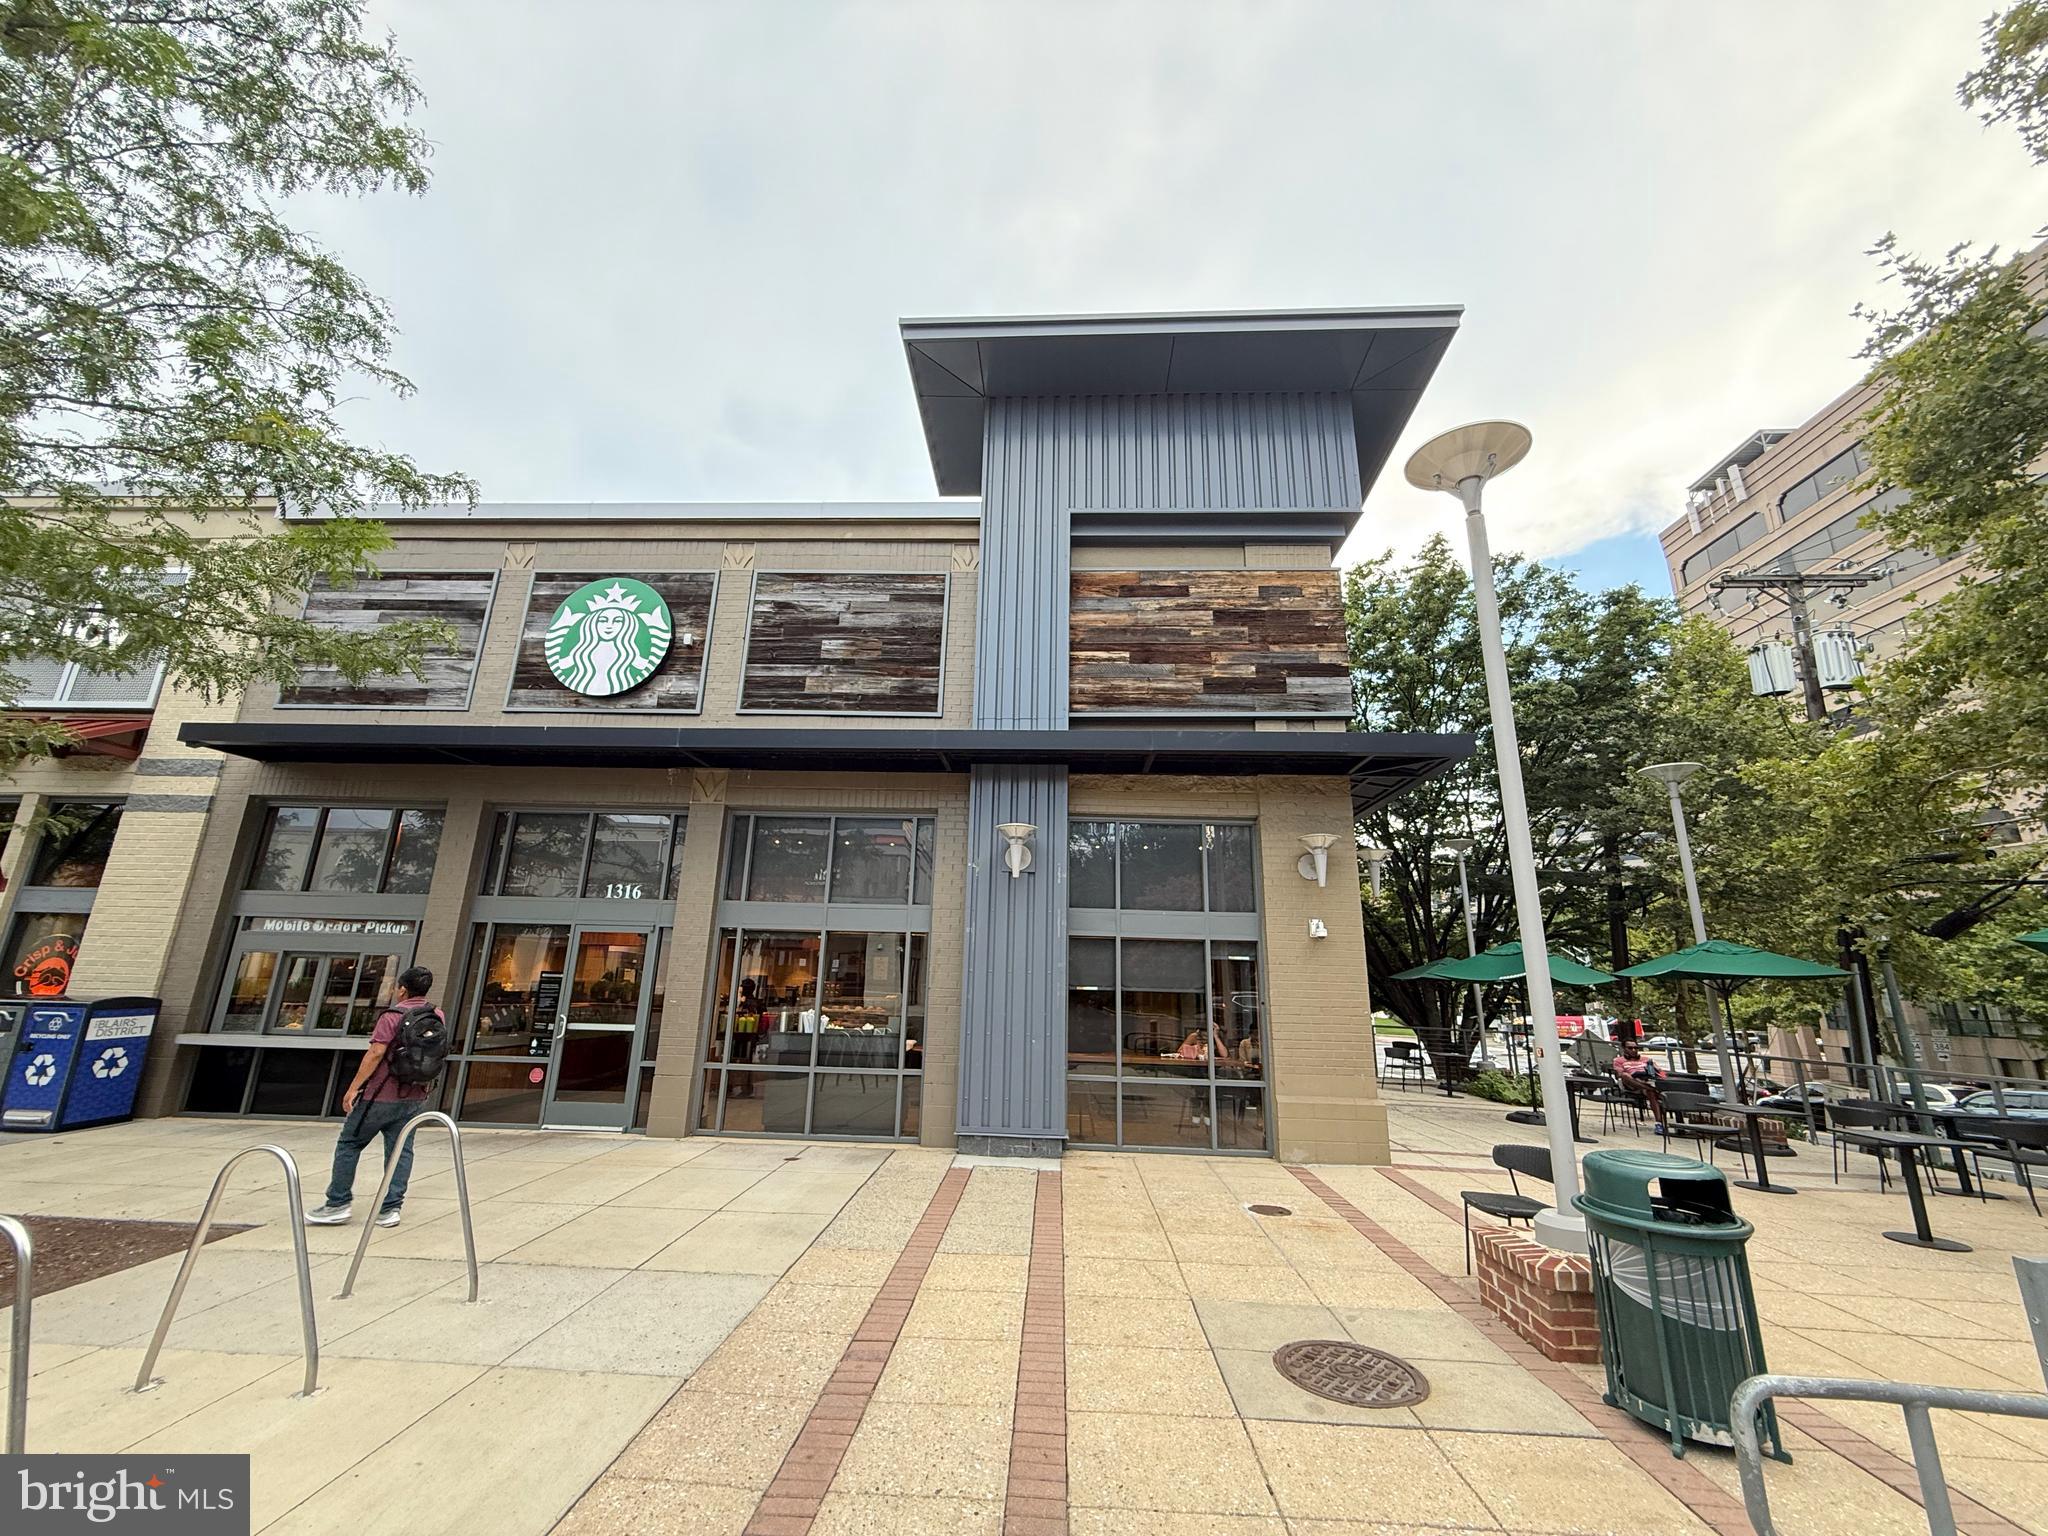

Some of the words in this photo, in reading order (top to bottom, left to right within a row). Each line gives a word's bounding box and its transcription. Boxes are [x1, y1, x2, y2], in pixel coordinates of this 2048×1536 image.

[605, 883, 643, 900] 1316
[263, 919, 310, 931] Mobile
[312, 919, 362, 933] Order
[364, 920, 408, 934] Pickup
[14, 945, 51, 977] Crisp
[54, 939, 65, 952] &
[98, 1018, 138, 1028] BLAIRS
[95, 1025, 147, 1037] DISTRICT

### [ABOUT THIS EXERCISE]
Return each line above word for word. Skip the pictures.

### [ANSWER FOR THIS EXERCISE]
Some of the words in this photo, in reading order (top to bottom, left to right within a row). Each line gives a word's bounding box and its transcription. Boxes are [x1, y1, x2, y2], in pixel coordinates of this 2048×1536 image.

[605, 883, 643, 900] 1316
[263, 919, 310, 931] Mobile
[312, 919, 362, 933] Order
[364, 920, 408, 934] Pickup
[14, 945, 51, 977] Crisp
[54, 939, 65, 952] &
[98, 1018, 138, 1028] BLAIRS
[95, 1025, 147, 1037] DISTRICT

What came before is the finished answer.